- _SUPPLIED RECORDS_
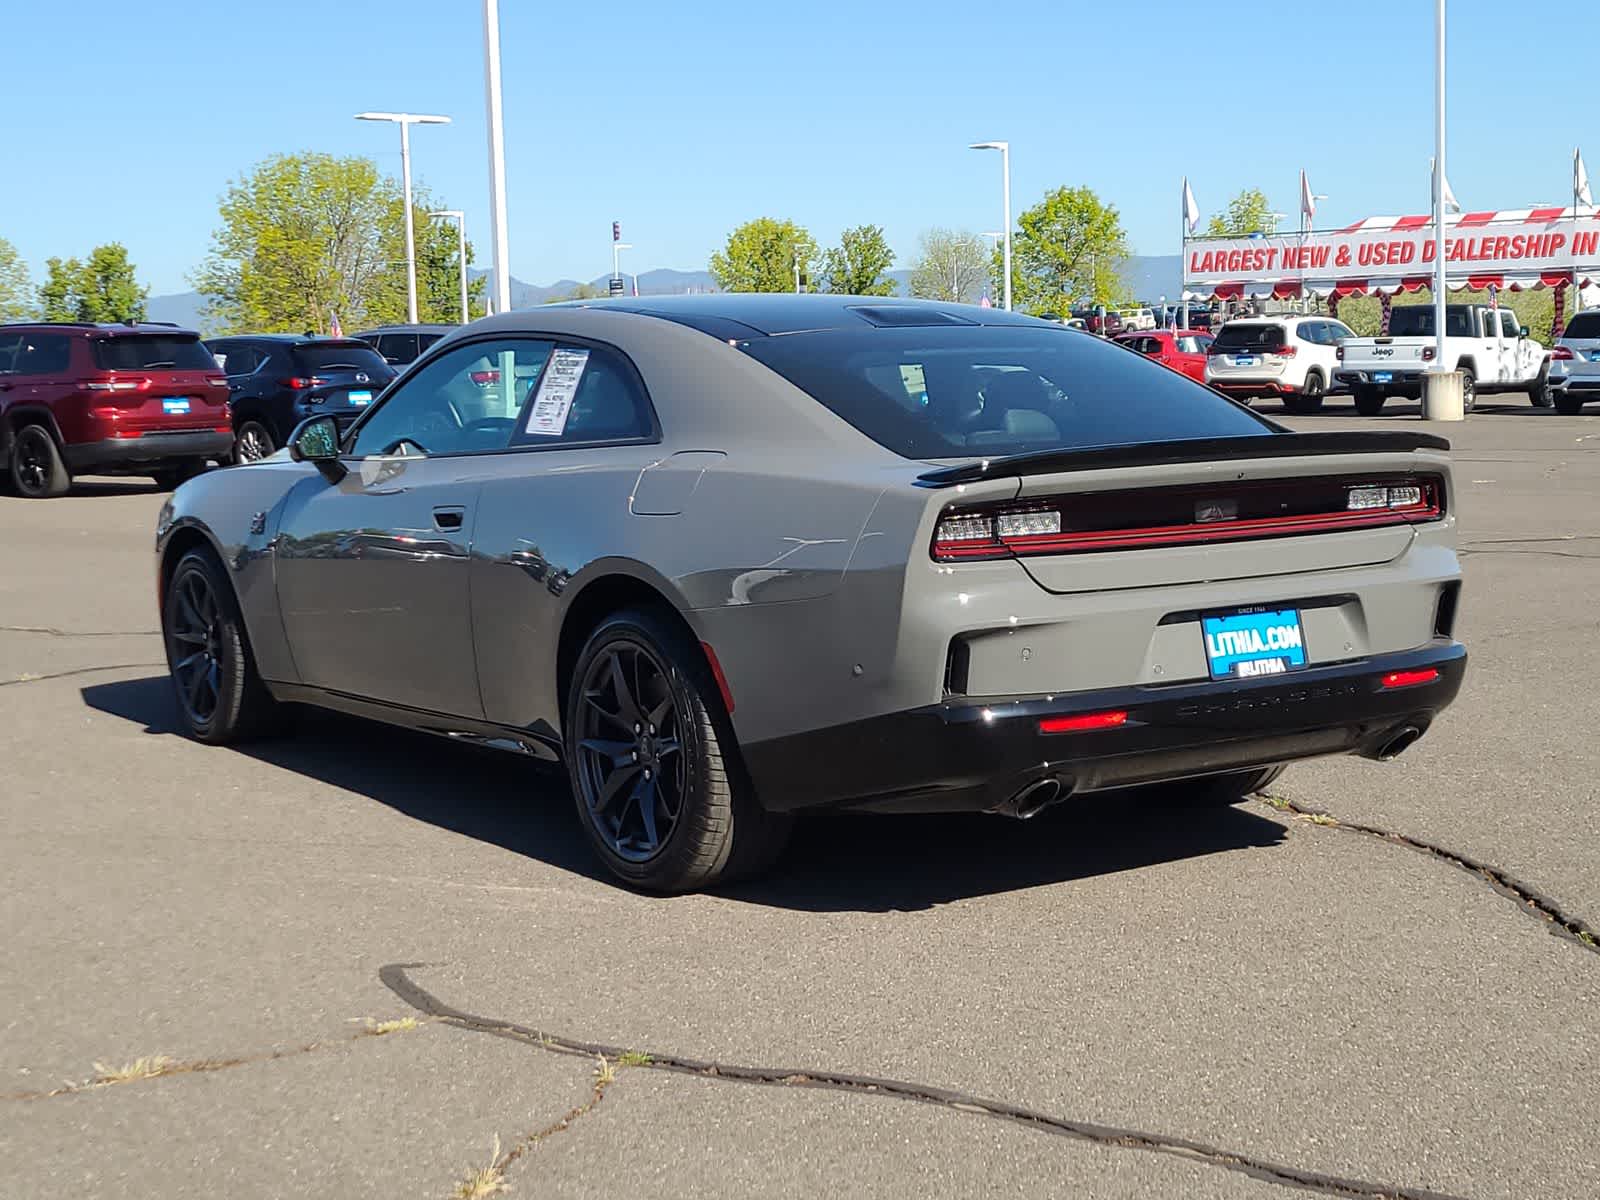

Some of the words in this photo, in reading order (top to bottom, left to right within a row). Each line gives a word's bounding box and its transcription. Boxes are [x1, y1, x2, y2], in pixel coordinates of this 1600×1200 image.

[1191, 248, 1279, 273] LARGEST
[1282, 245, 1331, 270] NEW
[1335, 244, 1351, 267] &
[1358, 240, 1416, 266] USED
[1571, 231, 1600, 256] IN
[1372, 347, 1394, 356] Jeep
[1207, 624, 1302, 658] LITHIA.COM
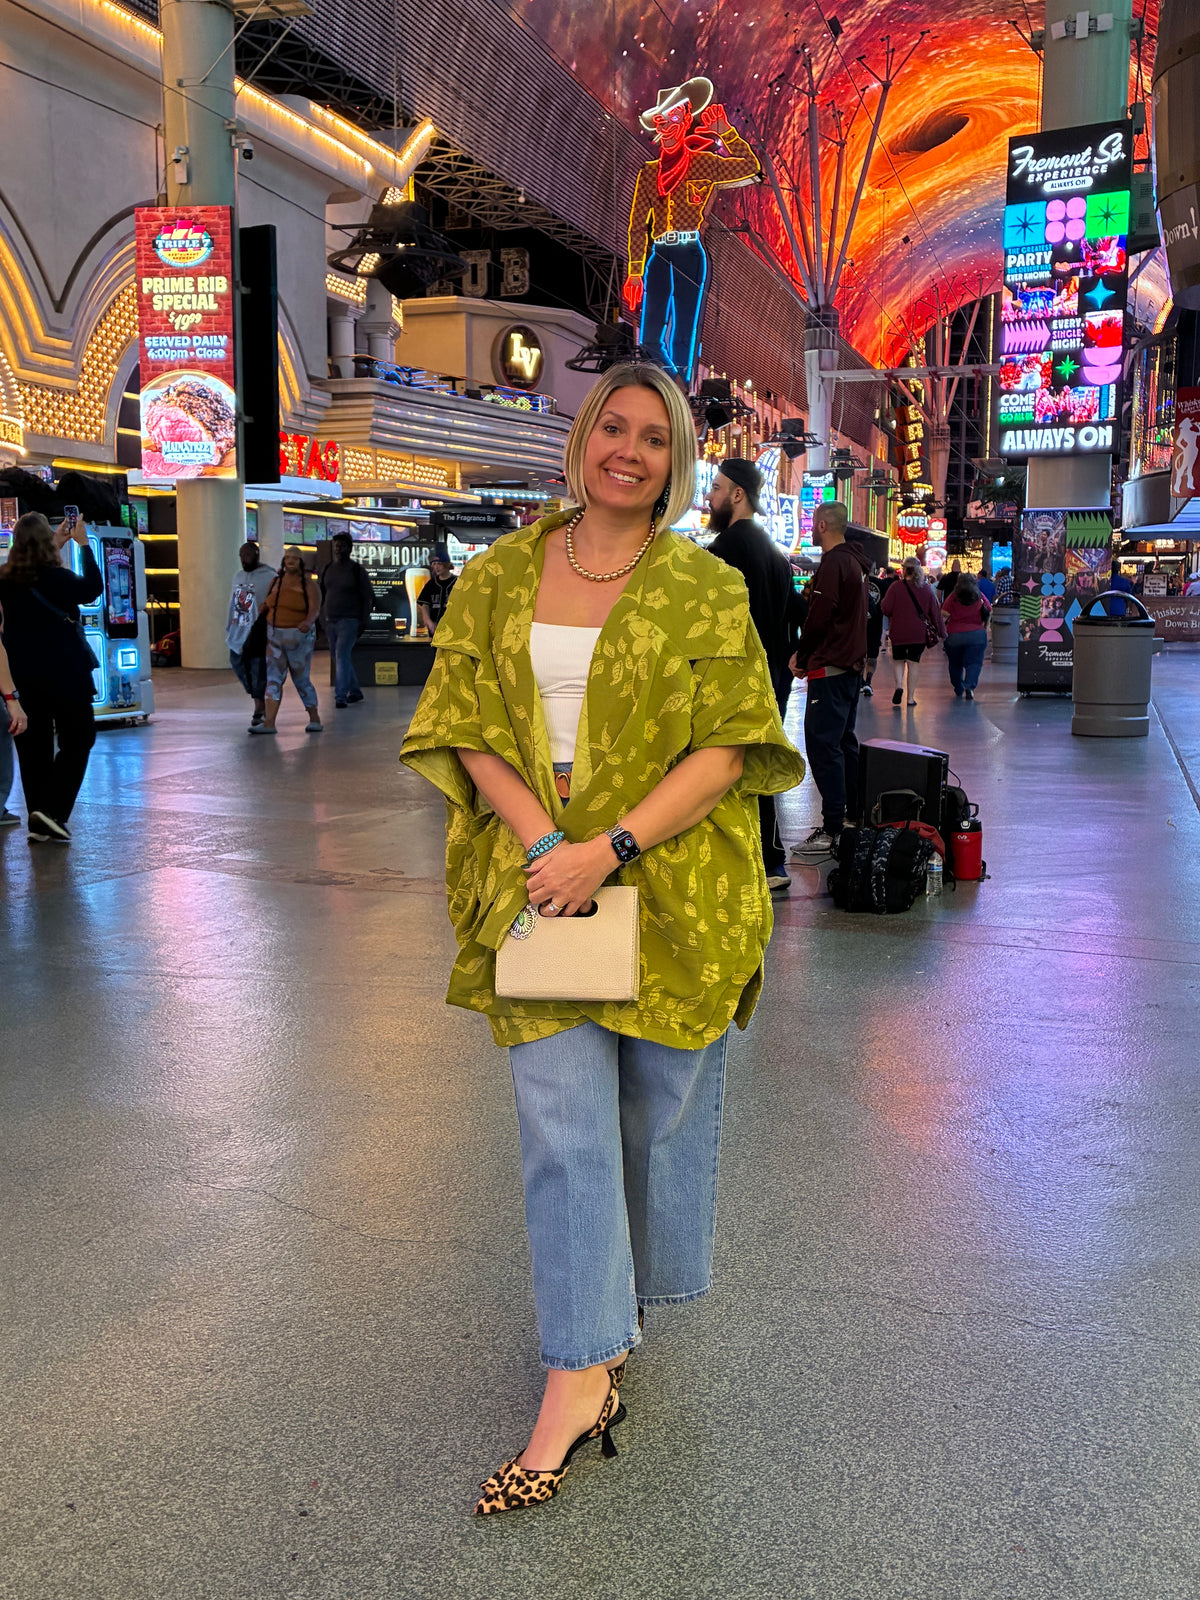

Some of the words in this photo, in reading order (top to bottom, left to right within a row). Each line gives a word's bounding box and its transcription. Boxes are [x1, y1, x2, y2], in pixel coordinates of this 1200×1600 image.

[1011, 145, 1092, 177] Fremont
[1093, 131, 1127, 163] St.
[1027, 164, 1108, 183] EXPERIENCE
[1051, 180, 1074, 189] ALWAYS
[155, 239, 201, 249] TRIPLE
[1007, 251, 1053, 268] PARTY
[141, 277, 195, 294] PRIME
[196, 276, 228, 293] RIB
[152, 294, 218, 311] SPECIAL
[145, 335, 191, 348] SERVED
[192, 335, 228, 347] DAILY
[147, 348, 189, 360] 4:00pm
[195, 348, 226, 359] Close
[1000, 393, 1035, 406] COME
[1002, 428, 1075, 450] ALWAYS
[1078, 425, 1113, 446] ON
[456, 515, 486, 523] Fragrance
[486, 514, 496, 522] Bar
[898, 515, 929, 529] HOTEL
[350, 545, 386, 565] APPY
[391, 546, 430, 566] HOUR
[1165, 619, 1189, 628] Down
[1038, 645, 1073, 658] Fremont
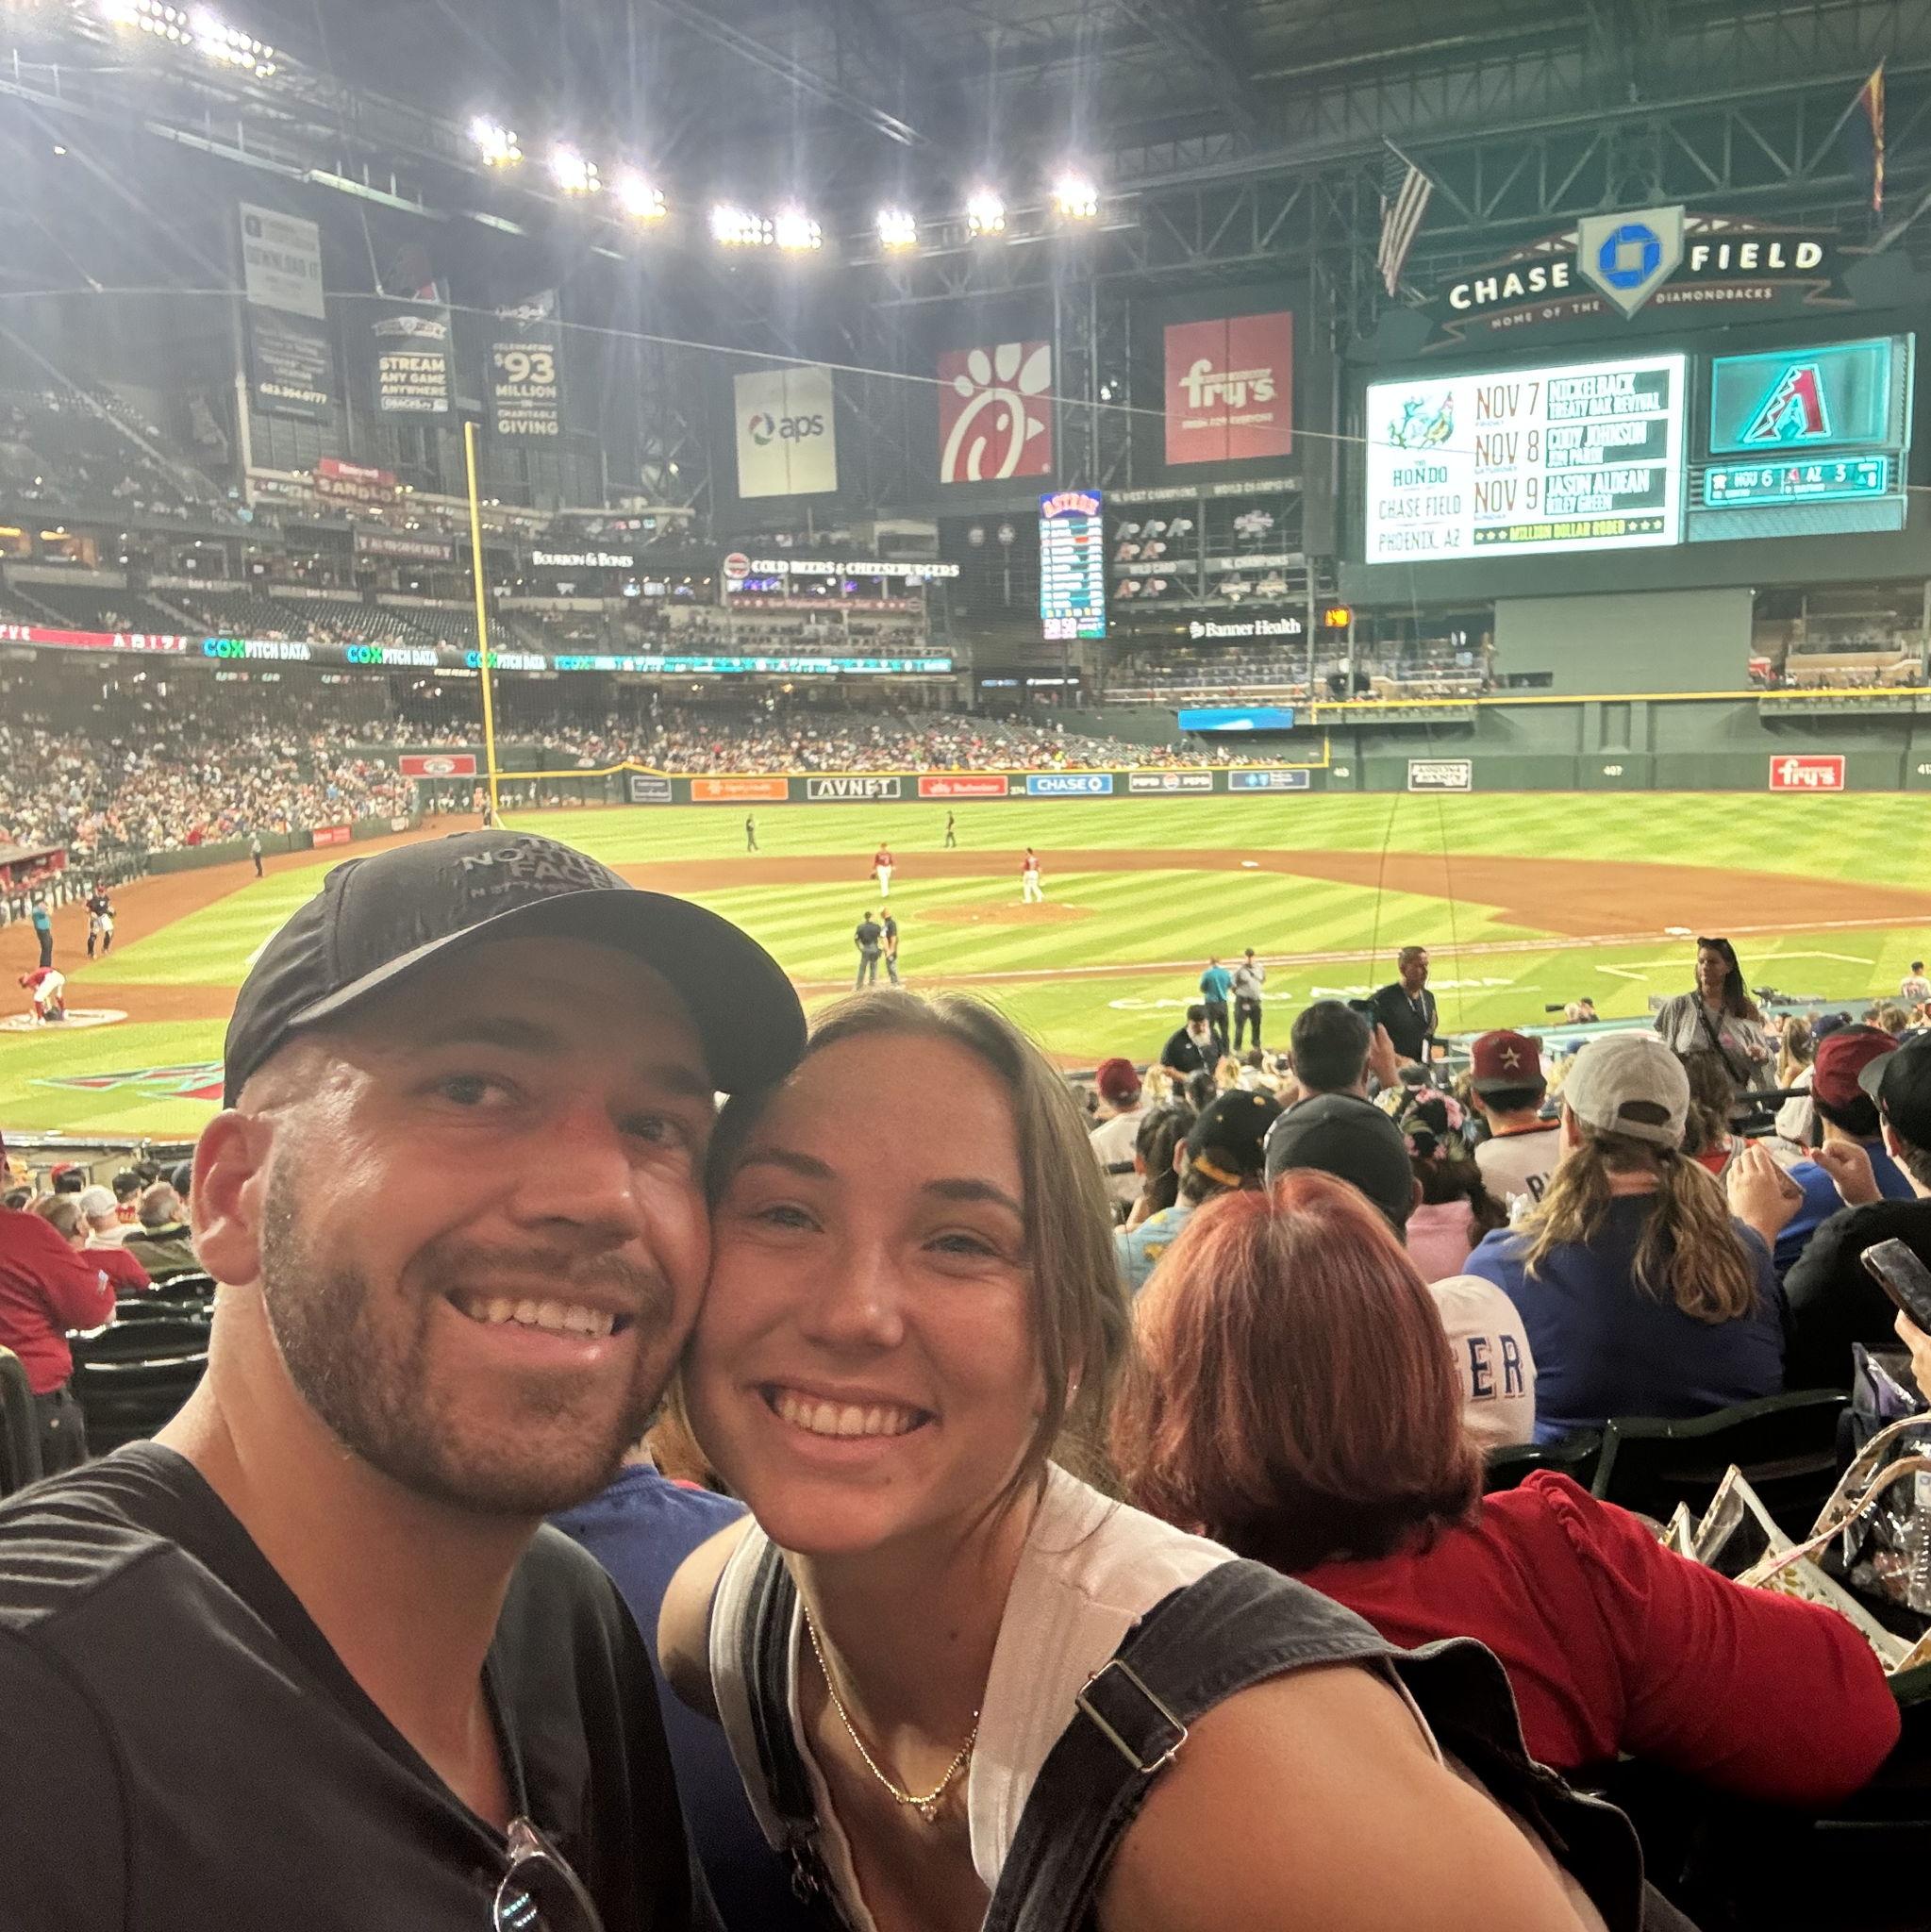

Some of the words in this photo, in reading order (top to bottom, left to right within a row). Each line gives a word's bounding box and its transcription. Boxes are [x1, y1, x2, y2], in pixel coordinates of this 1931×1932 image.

- _TASK TO CARRY OUT_
Output the records exactly. Drop the images.

- _RESULT BELOW_
Some of the words in this photo, in reading order (top to bottom, left to right within a row). Each line gives a word's bounding box and its transcription. Boxes are [x1, y1, x2, y2], in pixel coordinates of this 1600×1200 image.

[1191, 248, 1279, 273] LARGEST
[1282, 245, 1331, 270] NEW
[1335, 244, 1351, 267] &
[1358, 240, 1416, 266] USED
[1571, 231, 1600, 256] IN
[1372, 347, 1394, 356] Jeep
[1207, 624, 1302, 658] LITHIA.COM

Some of the words in this photo, in reading order (top to bottom, left to right within a row). Each line gives a word's bounding box and its transcription. Boxes are [x1, y1, x2, y2], in pixel coordinates of this 1200×1600 image.

[1011, 145, 1092, 177] Fremont
[1093, 131, 1127, 163] St.
[1027, 164, 1108, 183] EXPERIENCE
[1051, 180, 1074, 189] ALWAYS
[155, 239, 201, 249] TRIPLE
[1007, 251, 1053, 268] PARTY
[141, 277, 195, 294] PRIME
[196, 276, 228, 293] RIB
[152, 294, 218, 311] SPECIAL
[145, 335, 191, 348] SERVED
[192, 335, 228, 347] DAILY
[147, 348, 189, 360] 4:00pm
[195, 348, 226, 359] Close
[1000, 393, 1035, 406] COME
[1002, 428, 1075, 450] ALWAYS
[1078, 425, 1113, 446] ON
[456, 515, 486, 523] Fragrance
[486, 514, 496, 522] Bar
[898, 515, 929, 529] HOTEL
[350, 545, 386, 565] APPY
[391, 546, 430, 566] HOUR
[1165, 619, 1189, 628] Down
[1038, 645, 1073, 658] Fremont

Some of the words in this photo, in reading order (top to bottom, left to right within a row). Each line gives a word's bounding box and its transcription. Boxes are [x1, y1, x2, y2], in pixel coordinates of this 1931×1932 image.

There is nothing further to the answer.